John Collins: I think it so!

FDR was not going to take any chances.

-- Sir Arthur Harris, 1st Baronet . Churchill was, of course, a man of both words and action: “In war: Res­o­lu­tion….”John (below): good ques­tion. Dres­den had long been on Harris’s list as one of the 63 Ger­man cities he intend­ed to raze to the ground, but in the end, iron­i­cal­ly, he bombed Dres­den because he was ordered to do so.

But I had heard of the quote by Churchill “Are we beasts? The Sovi­et Air Mar­shal Khudyakov added his exper­tise to the same requests. Churchill gave an order for 100 heavy bombers to attack Berlin. I pub­lished his account in “Stal­in, with his Deputy Chief of Staff, Gen­er­al Antonov—I watched and heard them both—asked us and the Amer­i­cans to bomb lines of communication—roads and rail­ways.

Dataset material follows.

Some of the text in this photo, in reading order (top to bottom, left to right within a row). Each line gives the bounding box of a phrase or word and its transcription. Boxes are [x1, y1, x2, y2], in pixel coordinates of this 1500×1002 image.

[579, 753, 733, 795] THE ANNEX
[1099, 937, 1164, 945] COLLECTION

I inter­pret­ed our assent. Hugh Lunghi, Russ­ian lan­guage inter­preter to British Chiefs of Staff, was a close observ­er at Yal­ta.

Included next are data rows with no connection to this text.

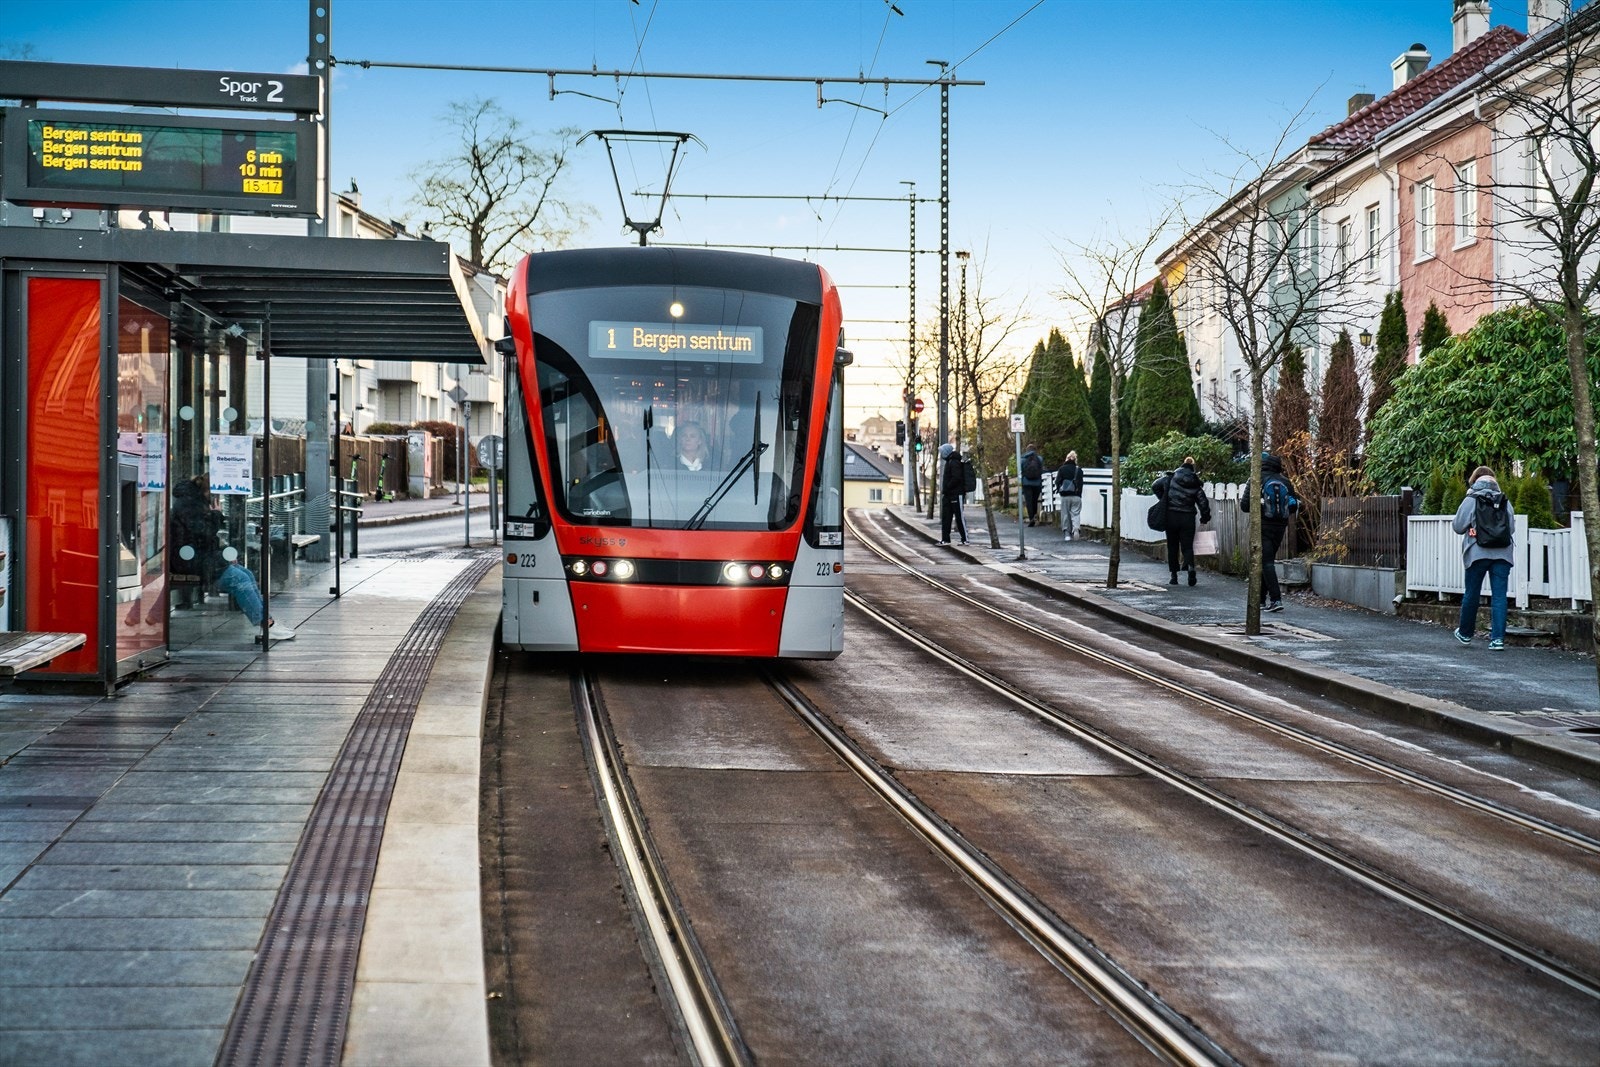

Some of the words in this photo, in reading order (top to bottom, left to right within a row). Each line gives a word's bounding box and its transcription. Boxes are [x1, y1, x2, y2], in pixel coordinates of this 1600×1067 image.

[219, 76, 262, 97] Spor
[266, 80, 284, 103] 2
[239, 94, 258, 103] Track
[42, 126, 88, 143] Bergen
[89, 130, 142, 143] sentrum
[42, 140, 88, 157] Bergen
[89, 144, 142, 157] sentrum
[42, 154, 88, 171] Bergen
[89, 158, 142, 171] sentrum
[246, 149, 257, 163] 6
[259, 151, 283, 164] min
[239, 163, 257, 177] 10
[259, 165, 283, 178] min
[245, 180, 280, 193] 15:17
[607, 328, 617, 349] 1
[632, 327, 686, 353] Bergen
[689, 330, 752, 352] sentrum
[520, 553, 536, 568] 223
[816, 562, 831, 576] 223
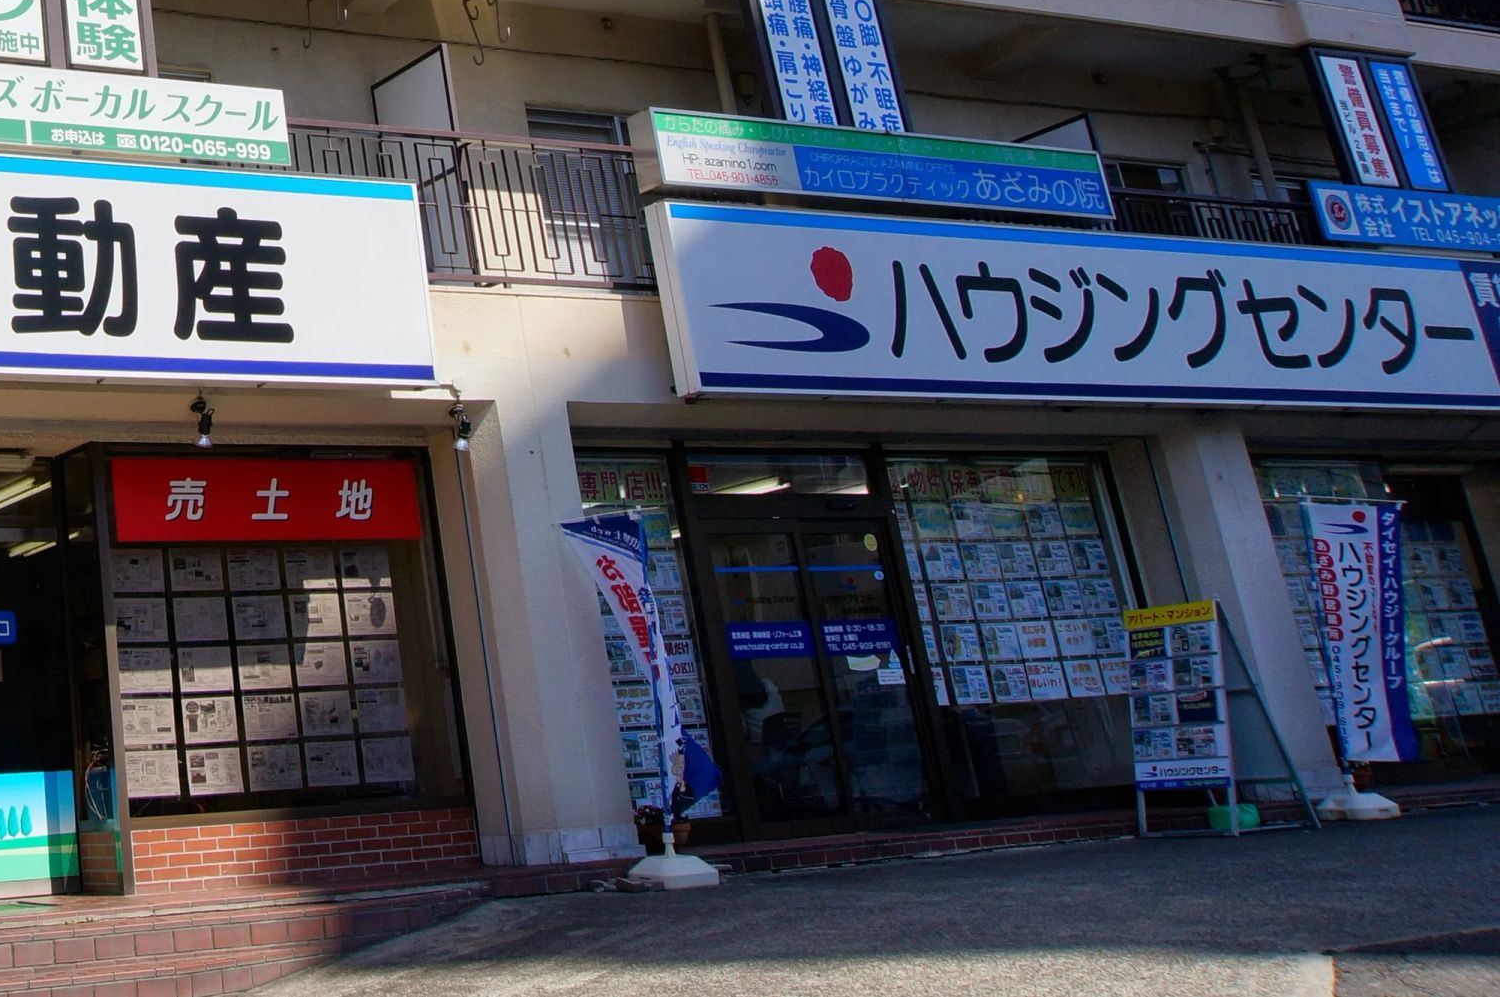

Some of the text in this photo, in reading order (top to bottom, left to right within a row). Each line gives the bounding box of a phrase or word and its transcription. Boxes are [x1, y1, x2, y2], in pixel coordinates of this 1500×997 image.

[50, 128, 271, 161] お申込は 0120-065-999
[667, 135, 697, 151] English
[700, 139, 736, 154] Speaking
[804, 166, 1105, 210] カイロプラクティック あざみの院
[1391, 196, 1500, 229] イストアネッ
[891, 260, 1474, 374] ハウジングセンター
[1127, 606, 1210, 624] アパート・マンション
[1338, 541, 1376, 751] ハウジングセンター

Are we tak­ing this too far?” He said the deci­sion to bomb Dres­den was “a seri­ous query against the con­duct of Allied bomb­ing.” Nei­ther Roo­sevelt nor Stal­in ever expressed qualms about the prac­tice.It is impor­tant to remem­ber that the request to bomb Dres­den, and sev­er­al oth­er tar­gets, was made by the Sovi­et high com­mand. “It seems to me that the moment has come when the question of bombing of German cities simply for the sake of increasing the terror, though under other pretexts, should be reviewed….The destruction of Dresden remains a serious query against the conduct of Allied bombing.” —Churchill, 28 March 1945Churchill, Arthur Harris and Decisions to Bomb Germany

It is only log­i­cal that a gen­er­al or war leader will first think of his own side and then to the safe­ty and com­fort of the ene­my. They claimed they had it from their own sources. At the time the plan was approved at Yal­ta it was a com­mon sense strate­gic deci­sion and there was no rea­son to sus­pect that it would be con­tro­ver­sial. The British and U.S. air staffs had agreed by the end of Jan­u­ary 1945 on a plan, pro­duced in response to prod­ding from Churchill, for the bomb­ing of Dres­den, Leipzig and oth­er cities in east­ern Ger­many, with the aim of assist­ing the advance of the Red Army. What role did he have in appoint­ing Gen­er­al Har­ris was a mil­i­tary appoint­ment, though sup­port­ed by Churchill. The fol­low­ing day at the Chiefs of Staff meet­ing in Stalin’s Yusupov Vil­la, the ques­tion of liai­son for ‘bomb lines’ was dis­cussed. Rev. Due part­ly to a press brief­ing a few days after­wards, at which the allied spokesman appeared to say that the bomb­ing of Dres­den marked the begin­ning of a new pol­i­cy of “ter­ror bomb­ing,” and part­ly to Goebbels’s pro­pa­gan­da, it became a sym­bol of ter­ror bomb­ing and exposed what was frankly the hyp­o­crit­i­cal allied claim that the strate­gic bomb­ing offen­sive was only direct­ed at mil­i­tary tar­gets. But as a great war leader he knew he had a respon­si­bil­i­ty to 1) end the war as soon as pos­si­ble; and 2) save the lives of his own civil­ians and sol­diers first.